Hongyuan Yang , Debra Cromley ^§ , Hongxing Wang ^§ , Jeffrey T. Billheimer ^§ and Stephen L. Sturley

From the  Institute of Human Nutrition,  Departments of Pediatrics and Physiology and Molecular Biophysics, Columbia University College of Physicians and Surgeons, New York, New York 10032 and ^§ DuPont-Merck Research Laboratories, Experimental Station, Wilmington, Delaware 19880-0400

We have identified two yeast genes with similarity to a human cDNA encoding acyl-coenzyme A:cholesterol acyltransferase (ACAT). Deletion of both yeast genes results in a viable cell with undetectable esterified sterol (Yang, H., Bard, M., Bruner, D. A., Gleeson, A., Deckelbaum, R. J., Aljinovic, G., Pohl, T., Rothstein, R., and Sturley, S. L. (1996) Science 272, 1353-1356). Here, we expressed the human cDNA in the yeast double mutant, resulting in high level production of ACAT protein, but low in vivo esterification of ergosterol, the predominant yeast sterol. The activity of the human enzyme was increased by incubation of these cells with 25-hydroxy, cholesterol, an established positive regulator of mammalian sterol esterification. In contrast, the yeast enzymes were unaffected by this reagent. In vitro microsomal assays indicated no sterol esterification in extracts from the double mutant. However, significant activity was detected from strains expressing human ACAT when cholesterol was equilibrated with the microsomal membranes. The human enzyme in yeast utilized cholesterol as the preferred sterol and was sensitive to competitive (S58035) and non-competitive (DuP 128) ACAT inhibitors.
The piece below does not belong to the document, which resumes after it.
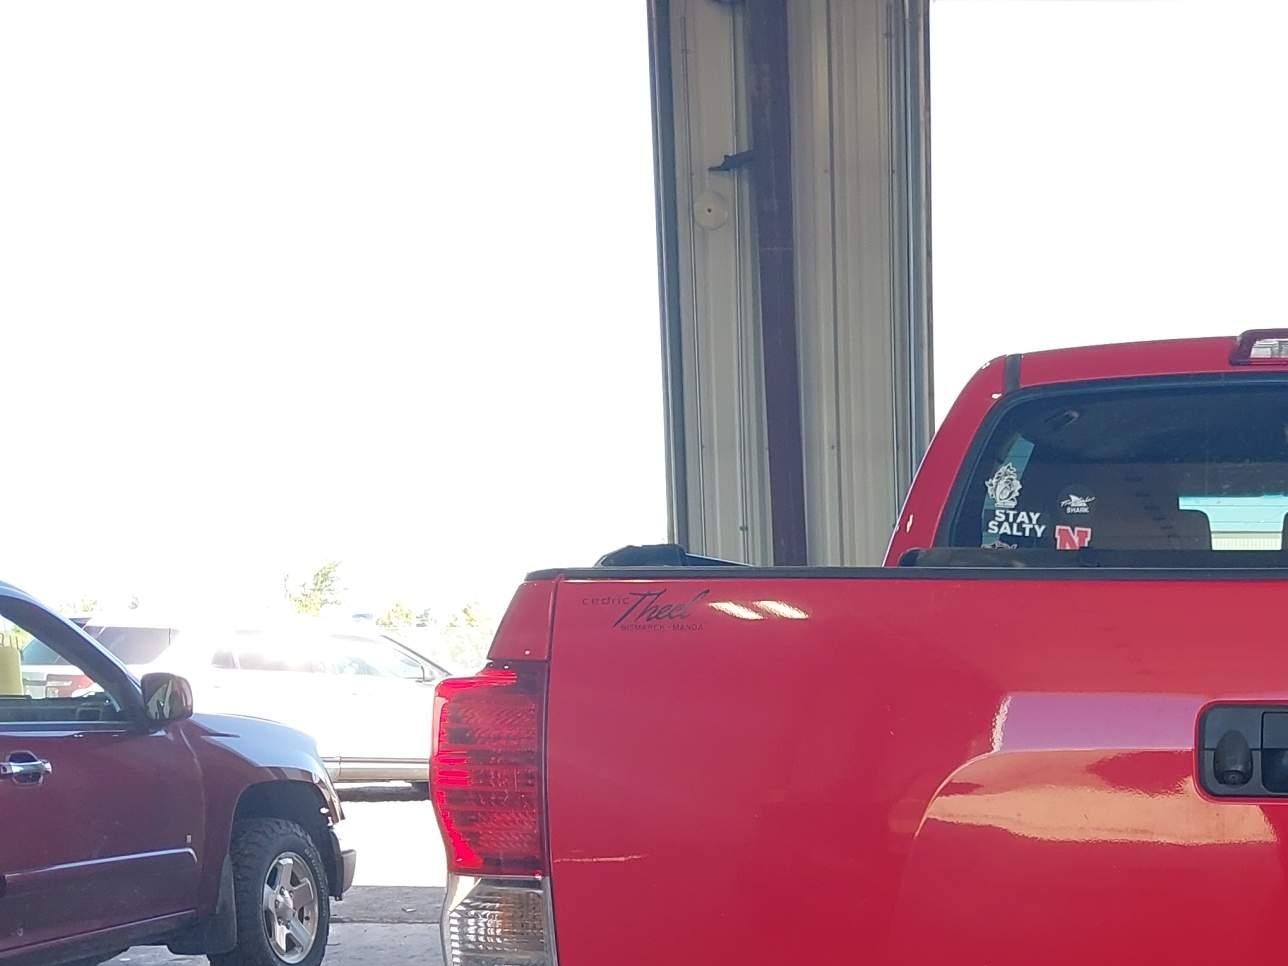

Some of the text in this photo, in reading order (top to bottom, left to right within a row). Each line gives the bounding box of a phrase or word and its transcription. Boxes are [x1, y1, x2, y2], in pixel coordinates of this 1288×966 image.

The yeast esterifying enzymes exhibited a diminished sterol substrate preference and were sensitive only to S58035. Human ACAT had a broad acyl-CoA substrate specificity, the other substrate for this reaction. By contrast, the yeast enzymes had a marked preference for specific acyl-CoAs, particularly unsaturated C₁₈ forms. These results confirm the yeast genes as functional homologs of the human gene and demonstrate that the enzymes confer substrate specificity to the esterification reaction in both organisms.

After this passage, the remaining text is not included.